Fish follow the same rules as mammals and humans, however this is largely a misunderstood issue and my usual advice to folks is "don't worry about inbreeding with your cichlids. Just cull anything that doesn't look right no matter what breeds with what" .

PfunMo said:
It would be nice if we could all have access to new F1 fish to mix the gene pool more but not practical. I've never seen harm tha I could trace to that.
I've been harmed by that inaccurate advice, I've harmed others by passing it along back in the day... it's not wise to outcross as you then could be caught in the issue of outbreeding depression.

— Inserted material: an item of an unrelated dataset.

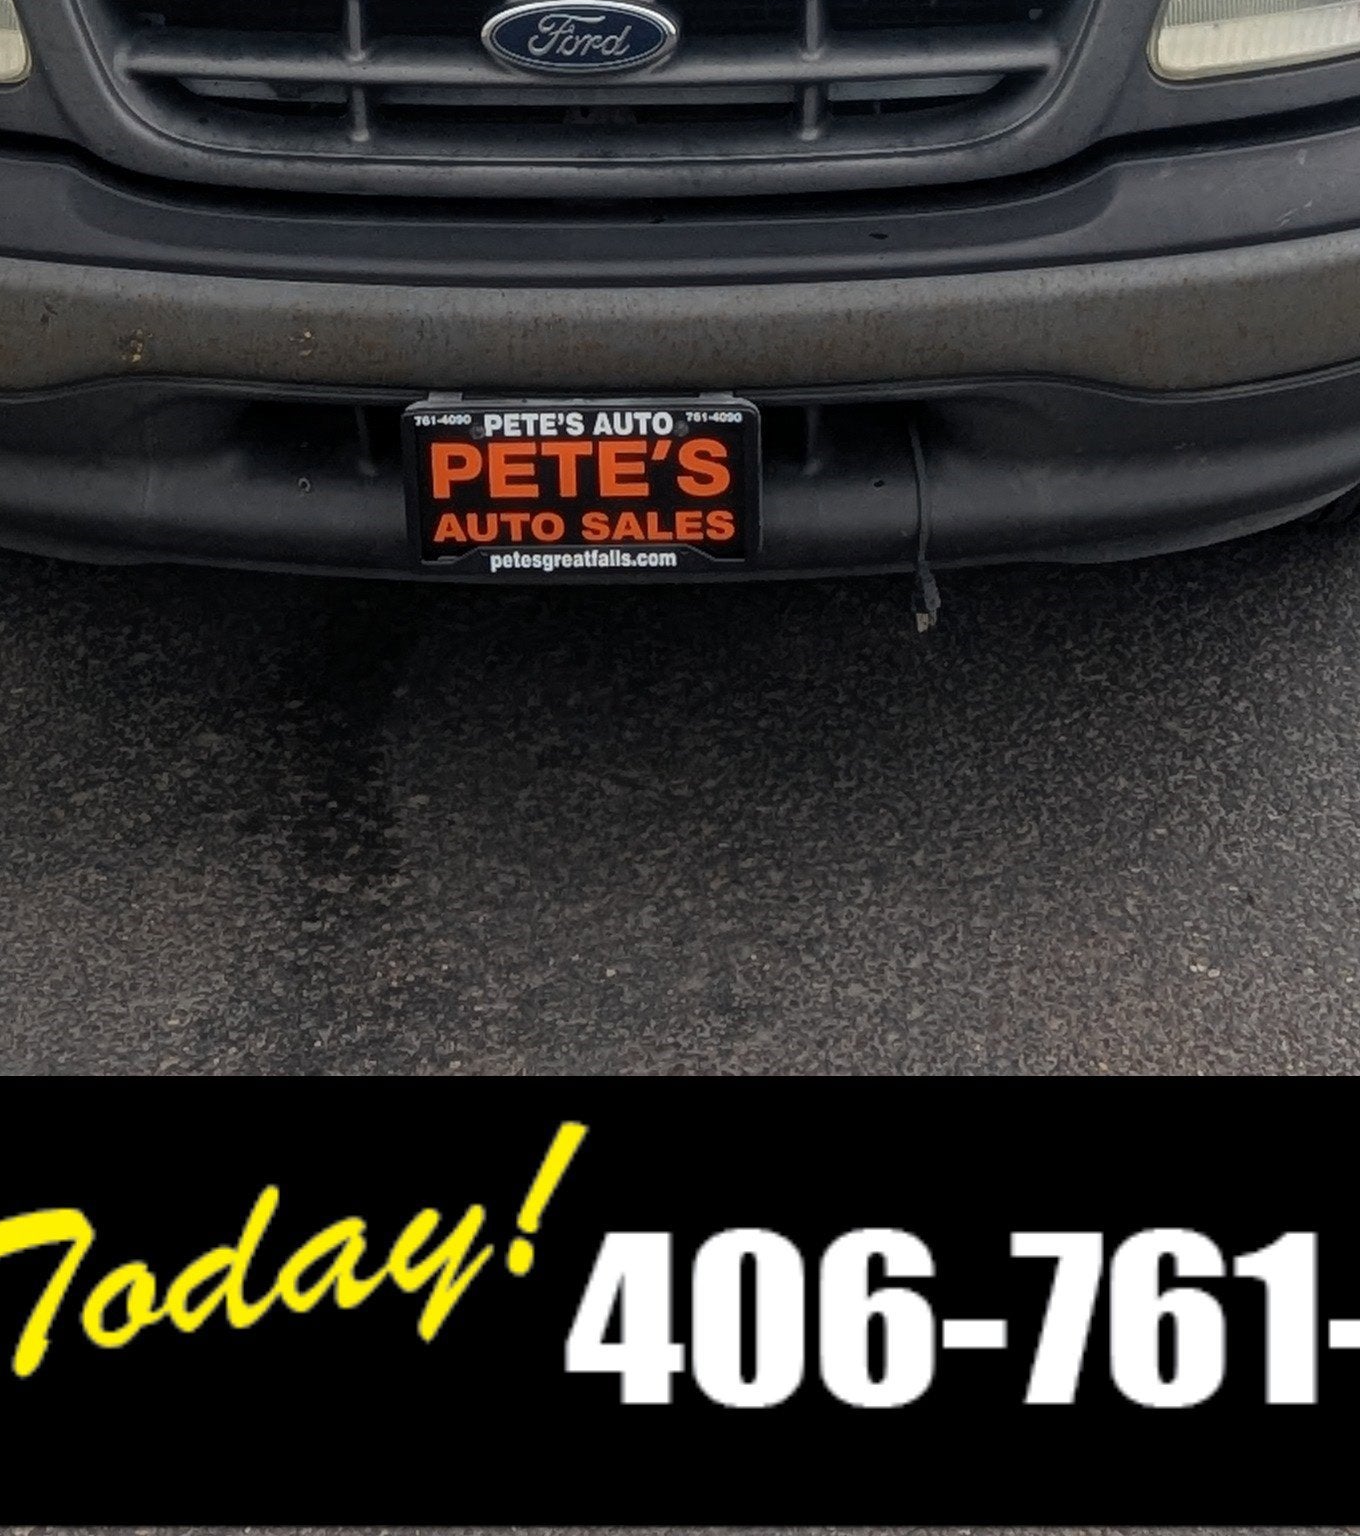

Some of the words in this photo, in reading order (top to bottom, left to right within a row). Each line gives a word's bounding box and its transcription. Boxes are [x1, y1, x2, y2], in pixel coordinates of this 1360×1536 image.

Back in the early days of cichlids in Canada, I had pairs of A.jacobfreigi
I used to have a really unique breeding room in that I would breed jacobs then sell them as "proven pairs/trios" for large sums of money! I'd grow out the fry and pair up the best, etc.
Made more money this way than friends were selling fry. From my days on the farm, I 'knew' that one can only inbreed for around 5 or 6 generations and then you had to outcross to avoid hidden genetic defects. Boy was that completely incorrect... I bought some very expensive adult F1 A.jacobfreigi and paired up my best linebred fish with the best F1s. My next batch of fry grew out to be garbage... pure garbage. Of course, I had sold all my breeding adults by that point in time. I had nothing left... I couldn't understand how I had made a mistake! I followed the "right" advice from animal husbandry practices. If it worked with farm animals, why not fish?

Lesson learned... an outcross of a domestic animal is an outcross to something pretty genetically similar (and likely related to my bloodline some short distance back) and one is still breeding tight to breed right. A complete outcross to unknown gene pool "x" is actually a stupid risk. Incompatible alleles, introduction of negative genes, undesirable combo effects, suppression of your "good traits" (and more) can happen.

It turns out, every species on the planet has a balance point between inbreeding and outcrossing that is "healthiest" for the species. Some species inbreed often (Kribs) other outcross very often (shell dwellers) and your breeding strategies have to line up with what is known about each species. The other thing that has been discovered is that females (if given the choice of mates) manage to pick the healthiest male to product the healthiest fry out of any given population. Their programming is better than out artificial selection.

So, what's this translate to? Let your fish pick their mates from a big group in a big tank for the healthiest fry (fewest culls or no culls!) and you won't regret it. I usually mix in some related fry, and then some cousins or second cousins and accept what pairs up.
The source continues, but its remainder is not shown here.